Home>Articles>Gottheimer, House progressives join forces to call for climate action via BBB

Rep. Josh Gottheimer. (Photo: Kevin Sanders for the New Jersey Globe).

Gottheimer, House progressives join forces to call for climate action via BBB

By Joey Fox, January 31 2022 5:07 pm

Rep. Josh Gottheimer (D-Wyckoff) joined a cross-ideological coalition of House Democrats today to call for the Senate to pass robust climate protections through the Build Back Better Act (BBB), which has stalled in the upper chamber after passing the House last year.

“There is no time to delay,” Gottheimer said. “For New Jersey, for our planet, we must take action to tackle climate change now, to make sure that our best days will always be ahead of us.”

When the two bills were wending their way through the House last year, Gottheimer made headlines for leading a small caucus of renegade moderate Democrats who insisted that the Bipartisan Infrastructure Bill be passed through the House without guaranteed action on BBB; House Democratic leadership had wanted the two bills to be paired.

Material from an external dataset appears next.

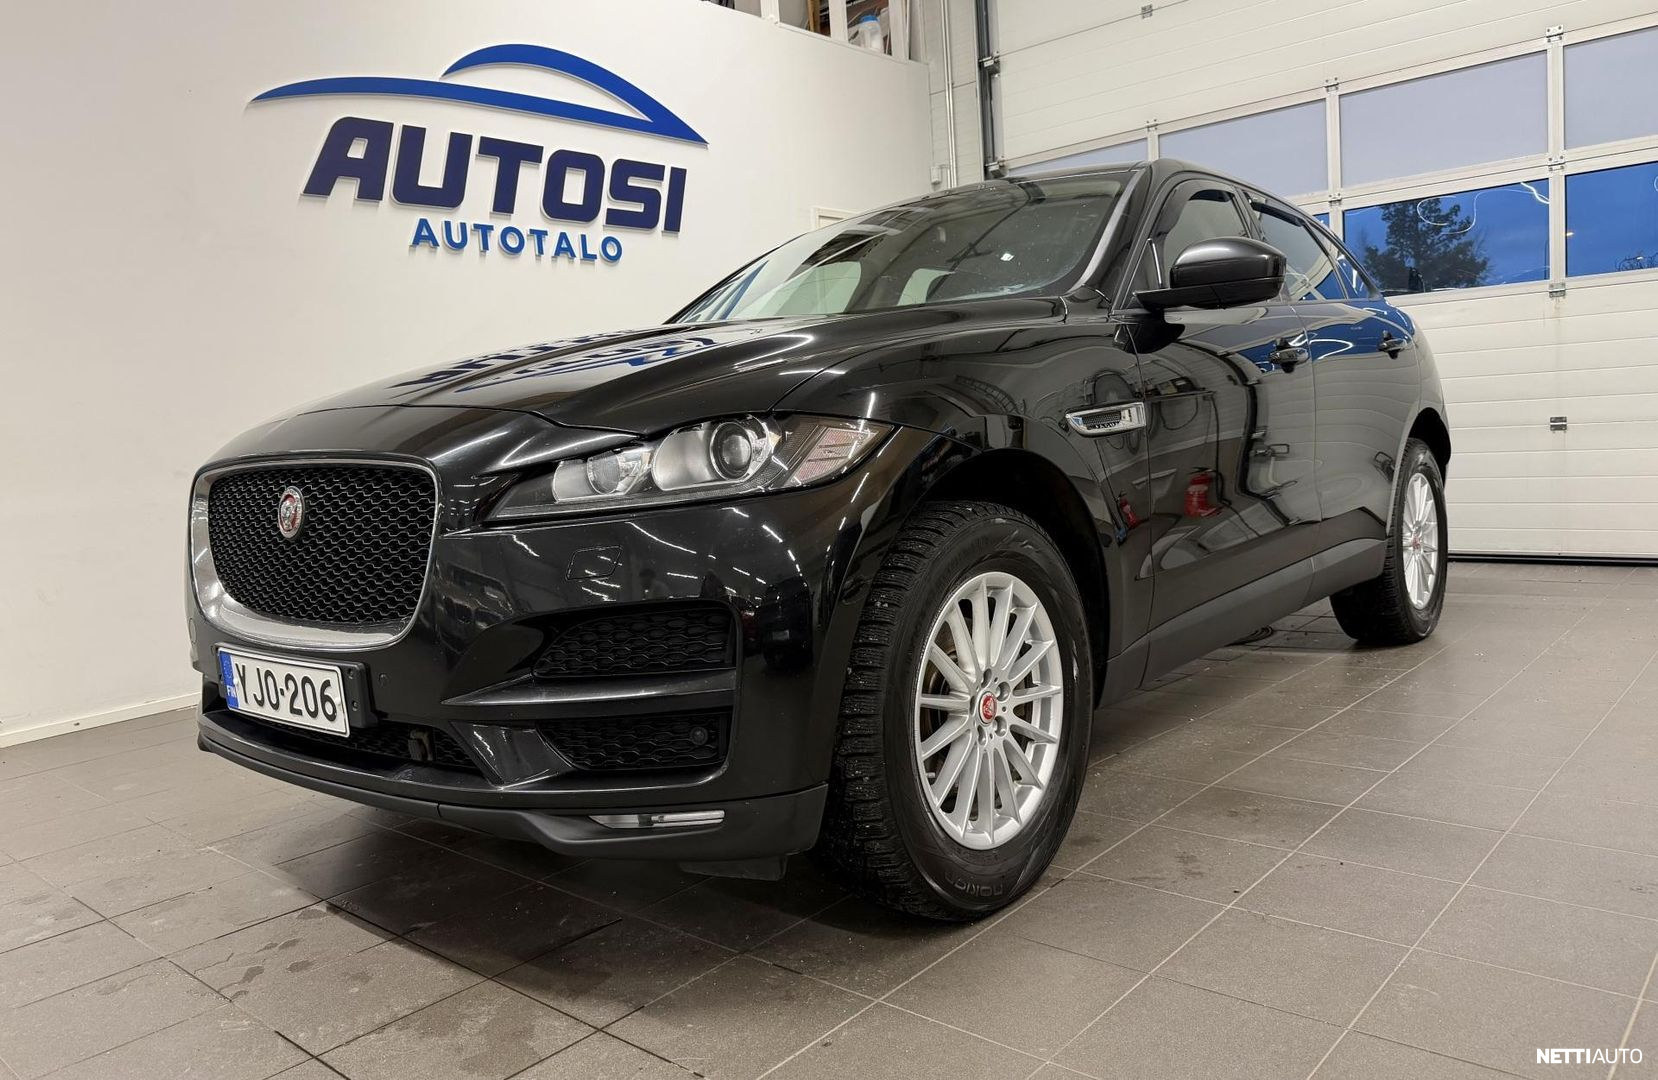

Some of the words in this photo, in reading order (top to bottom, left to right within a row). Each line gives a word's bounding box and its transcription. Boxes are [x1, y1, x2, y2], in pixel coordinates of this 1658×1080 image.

[302, 116, 687, 232] AUTOSI
[412, 217, 623, 263] AUTOTALO
[235, 662, 337, 722] YJO-206

Both bills eventually passed the House, but while the infrastructure bill had already been passed by the Senate and later became law, BBB has foundered against Senators Joe Manchin (D-WV) and Kyrsten Sinema (D-AZ) in the Senate.

Today’s event appeared to be designed to emphasize that House Democrats across the ideological spectrum remain committed to BBB’s success, something which progressive Rep. Jahana Hayes (D-CT) made note of.

“The fact that we have the whole spectrum, from the New Dems to the progressives, on a call agreeing about the same thing … really speaks to the urgency of this matter,” Hayes said.

Also on the call was Rep. Katie Porter (D-CA), a prominent swing-district progressive, and more moderate Reps. Suzan DelBene (D-WA) and Abigail Spanberger (D-VA).

Separately today, Gottheimer unveiled new bipartisan legislation aimed at bolstering the Strategic National Stockpile and preventing shortages of medical materials in future crises.

“It was completely shocking to discover at the beginning of the pandemic – when New Jersey was hit so hard and our hospitals were in desperate need of masks and ventilators – that we had no way of knowing the quantity, location, or production of these supplies,” he said in a statement on the bill. “This critical legislation will ensure that in future crises, we are much better prepared.”